■ **INSTRUCTIONS FOR THE TASK**:
Set down all of the data exactly. Pictures stay out of the copy.

Saved entries
......

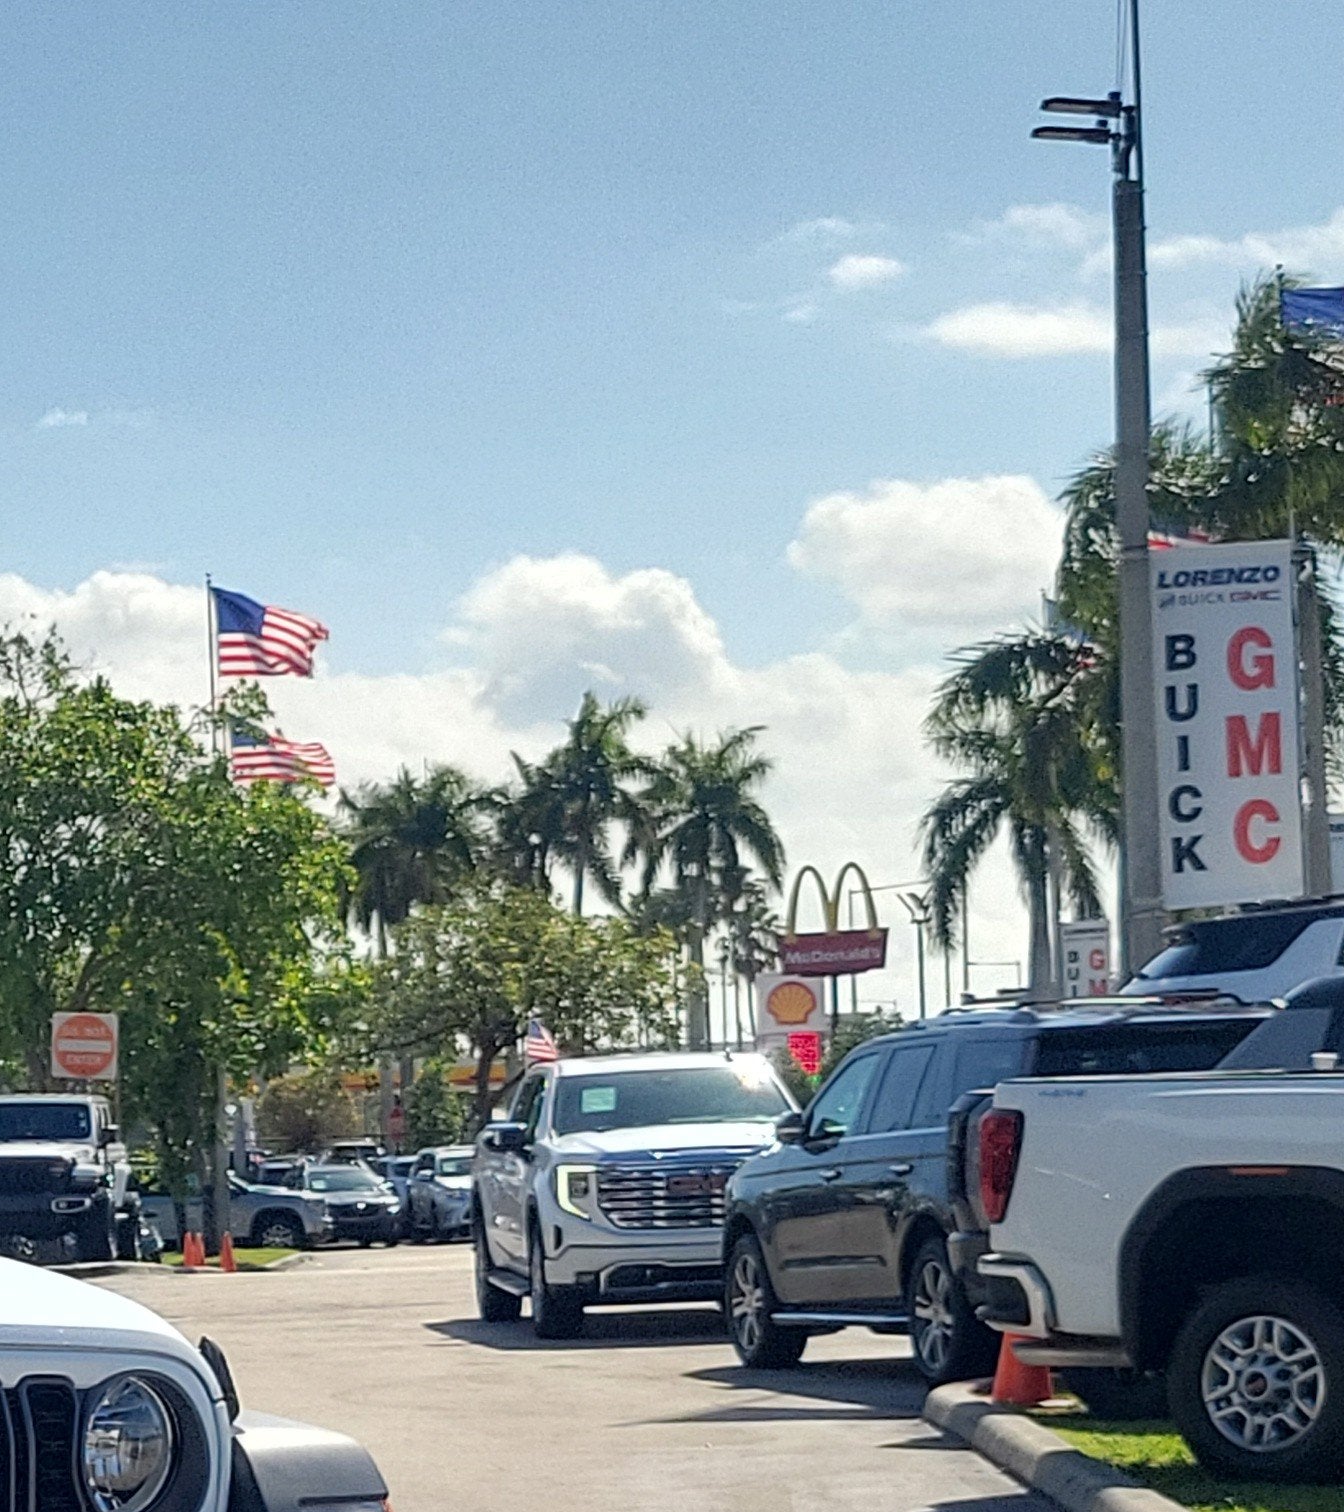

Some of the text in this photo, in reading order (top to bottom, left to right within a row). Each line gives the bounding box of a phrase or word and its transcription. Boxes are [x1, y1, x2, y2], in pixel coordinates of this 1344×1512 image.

[1157, 566, 1280, 589] LORENZO
[1164, 634, 1208, 874] BUICK
[1225, 626, 1283, 864] GMC
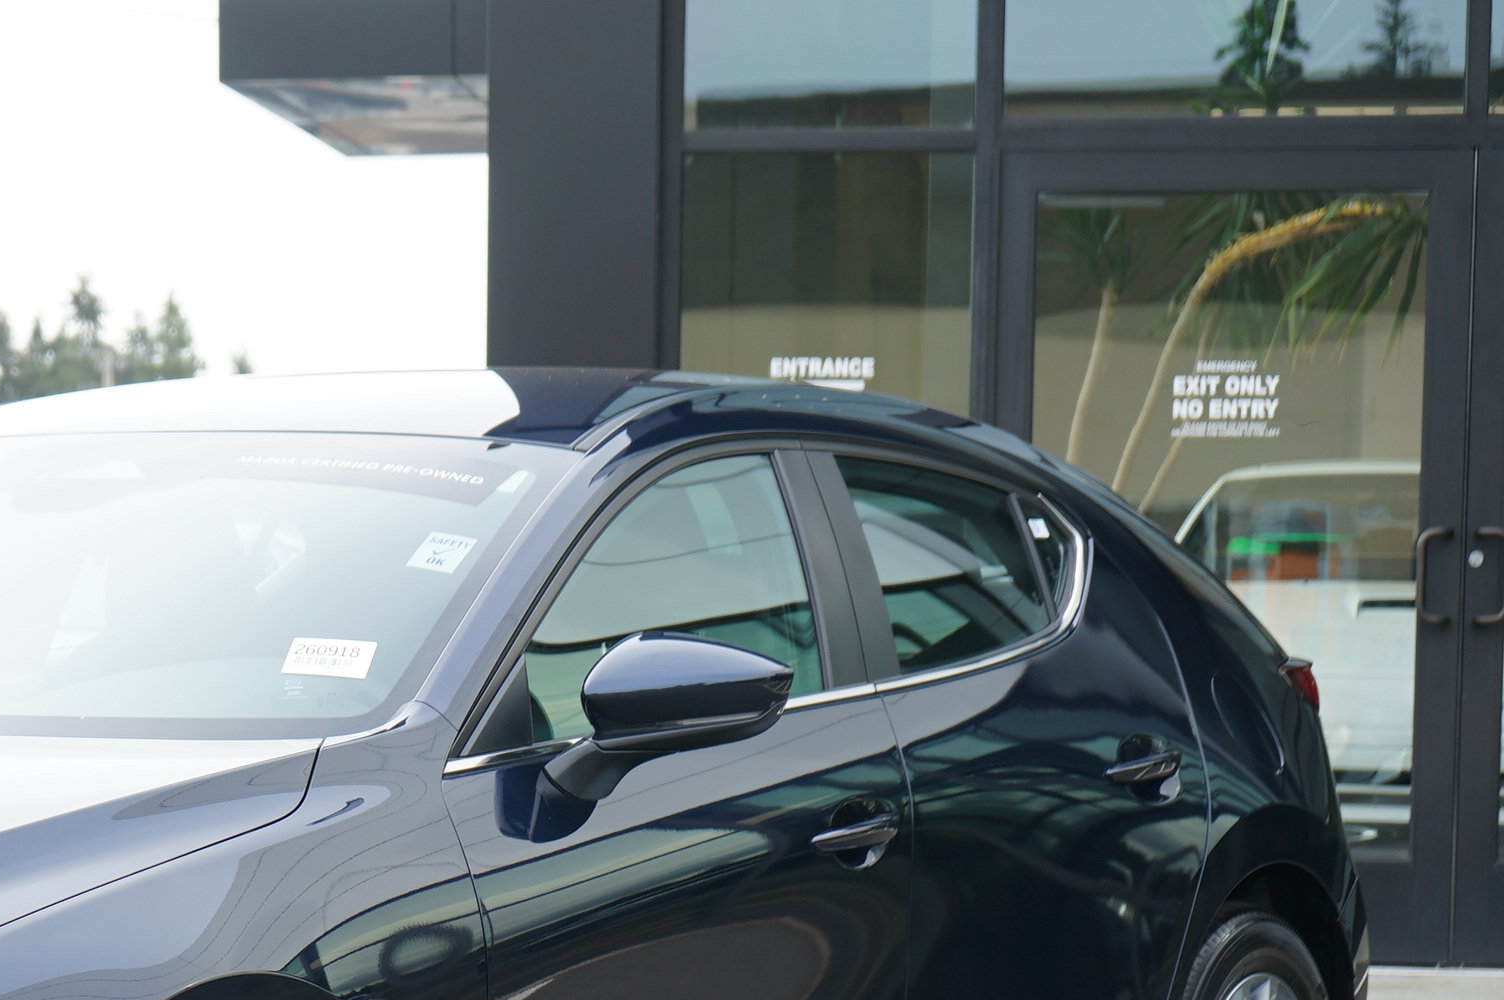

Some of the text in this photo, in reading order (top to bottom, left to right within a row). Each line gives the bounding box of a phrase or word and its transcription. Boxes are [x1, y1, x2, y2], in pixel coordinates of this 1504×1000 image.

[770, 356, 875, 378] ENTRANCE
[1173, 375, 1280, 396] EXIT ONLY
[1172, 398, 1280, 420] NO ENTRY
[301, 457, 380, 471] CERTIFIED
[383, 463, 485, 485] PRE-OWNED
[428, 536, 470, 549] SAFETY
[426, 556, 446, 567] OK
[294, 643, 360, 658] 260918
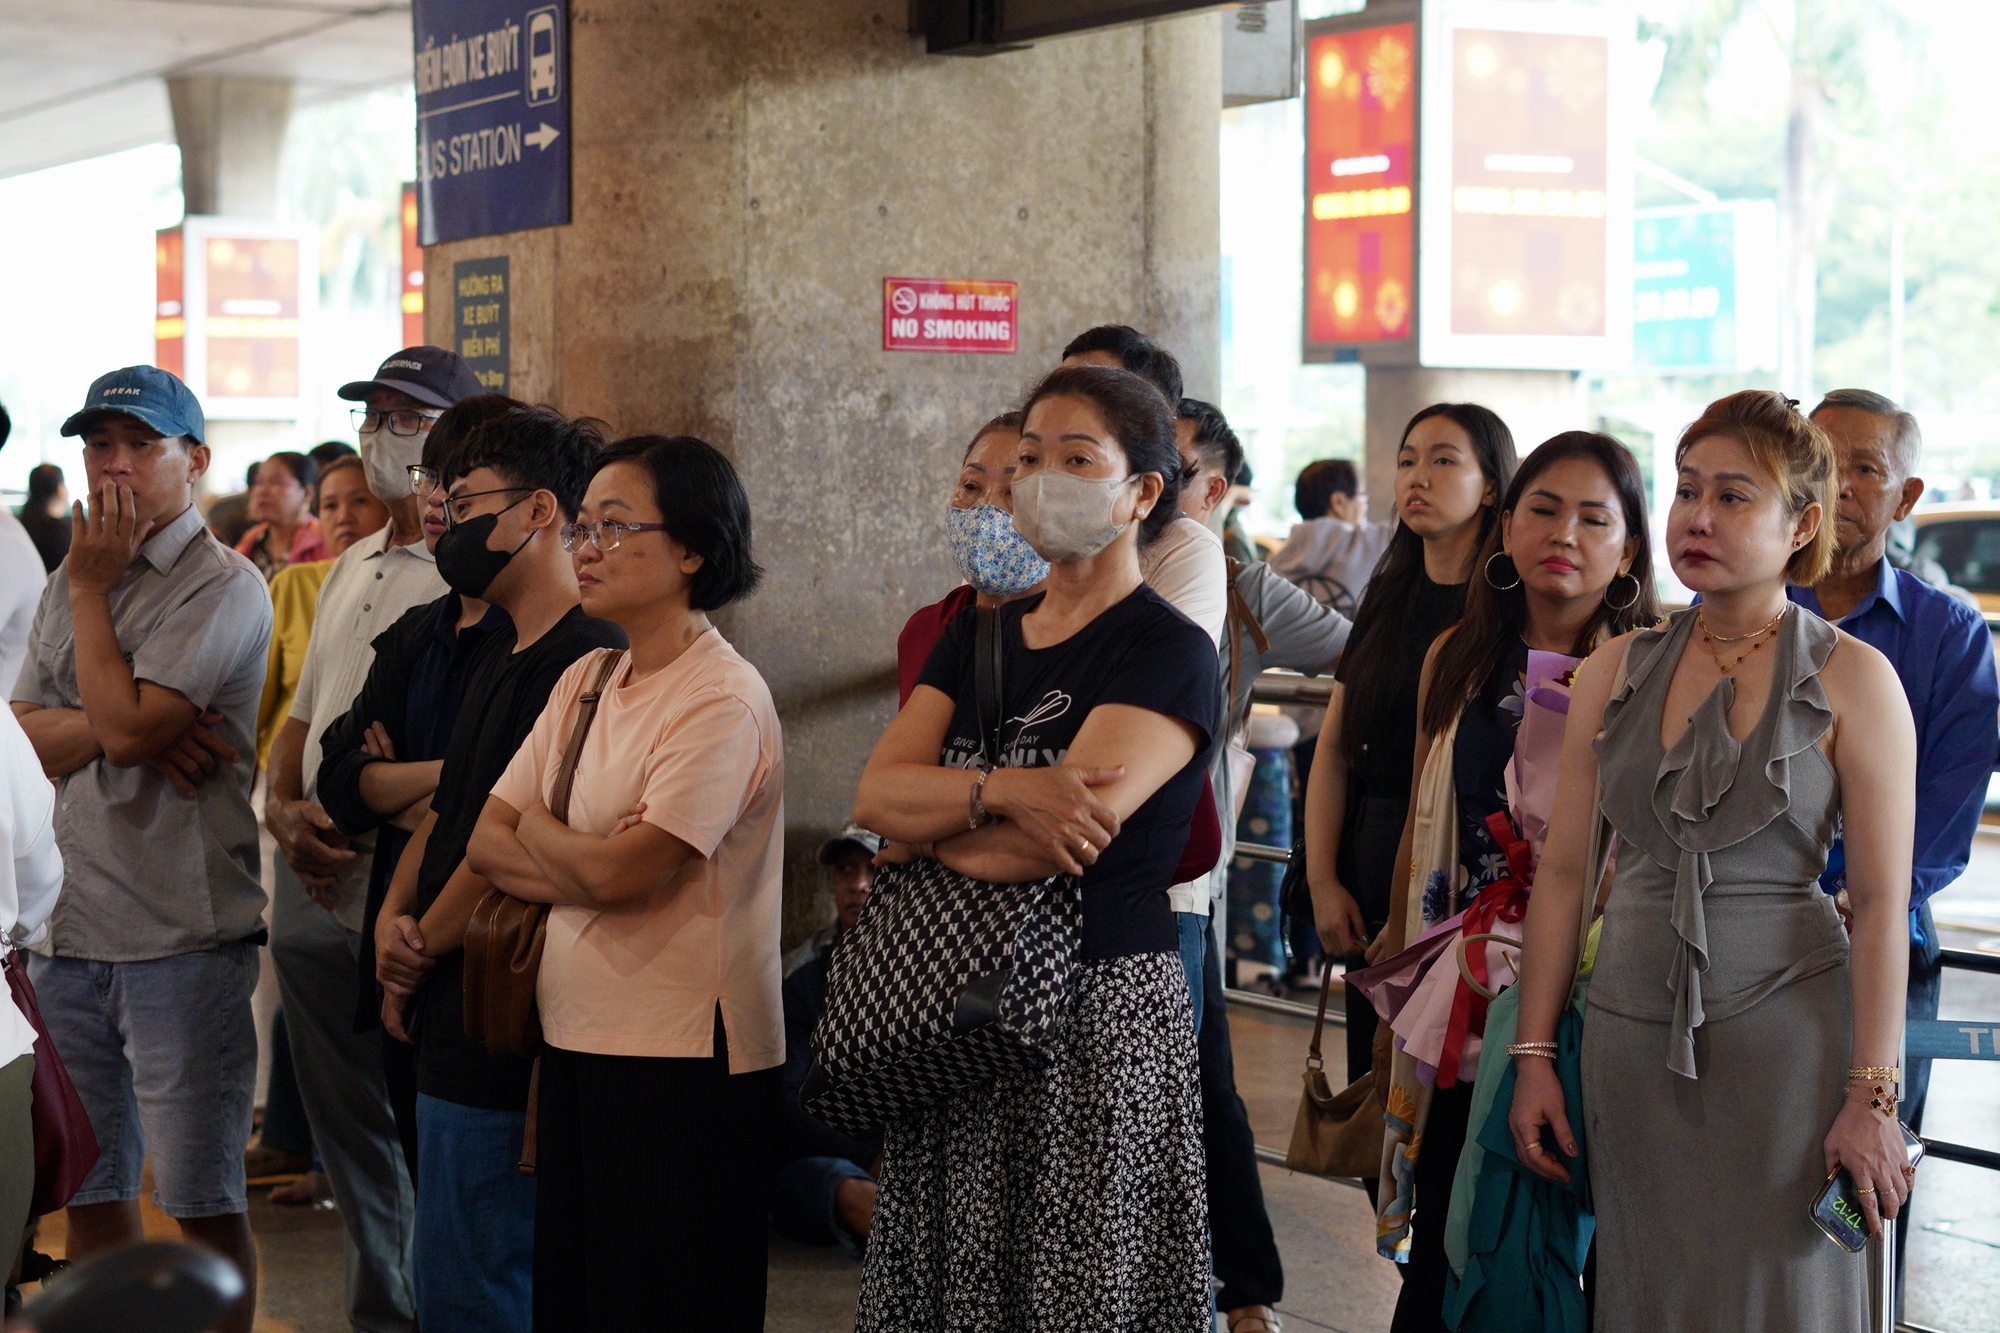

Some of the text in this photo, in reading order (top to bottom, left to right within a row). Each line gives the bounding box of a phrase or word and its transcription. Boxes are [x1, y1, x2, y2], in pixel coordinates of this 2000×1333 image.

[467, 34, 486, 82] XE
[486, 18, 520, 77] BUÝT
[448, 121, 521, 176] STATION
[891, 317, 1011, 341] NO SMOKING
[103, 387, 141, 397] BREAK
[953, 737, 976, 749] GIVE
[1020, 735, 1040, 745] DAY
[1832, 1195, 1862, 1229] 17:12

......

■ **ANSWER AREA**:
Some of the text in this photo, in reading order (top to bottom, left to right within a row). Each line gives the bounding box of a phrase or word and its transcription. Boxes are [x1, y1, x2, y2], in pixel coordinates of this 1344×1512 image.

[1157, 566, 1280, 589] LORENZO
[1164, 634, 1208, 874] BUICK
[1225, 626, 1283, 864] GMC

Some of the text in this photo, in reading order (top to bottom, left to right within a row). Each line gives the bounding box of a phrase or word and its transcription. Boxes are [x1, y1, x2, y2], in pixel coordinates of this 1504×1000 image.

[770, 356, 875, 378] ENTRANCE
[1173, 375, 1280, 396] EXIT ONLY
[1172, 398, 1280, 420] NO ENTRY
[301, 457, 380, 471] CERTIFIED
[383, 463, 485, 485] PRE-OWNED
[428, 536, 470, 549] SAFETY
[426, 556, 446, 567] OK
[294, 643, 360, 658] 260918

Some of the text in this photo, in reading order (top to bottom, left to right within a row). Each line gives the bounding box of a phrase or word and its transcription. Boxes are [x1, y1, x2, y2], in pixel coordinates of this 2000×1333 image.

[467, 34, 486, 82] XE
[486, 18, 520, 77] BUÝT
[448, 121, 521, 176] STATION
[891, 317, 1011, 341] NO SMOKING
[103, 387, 141, 397] BREAK
[953, 737, 976, 749] GIVE
[1020, 735, 1040, 745] DAY
[1832, 1195, 1862, 1229] 17:12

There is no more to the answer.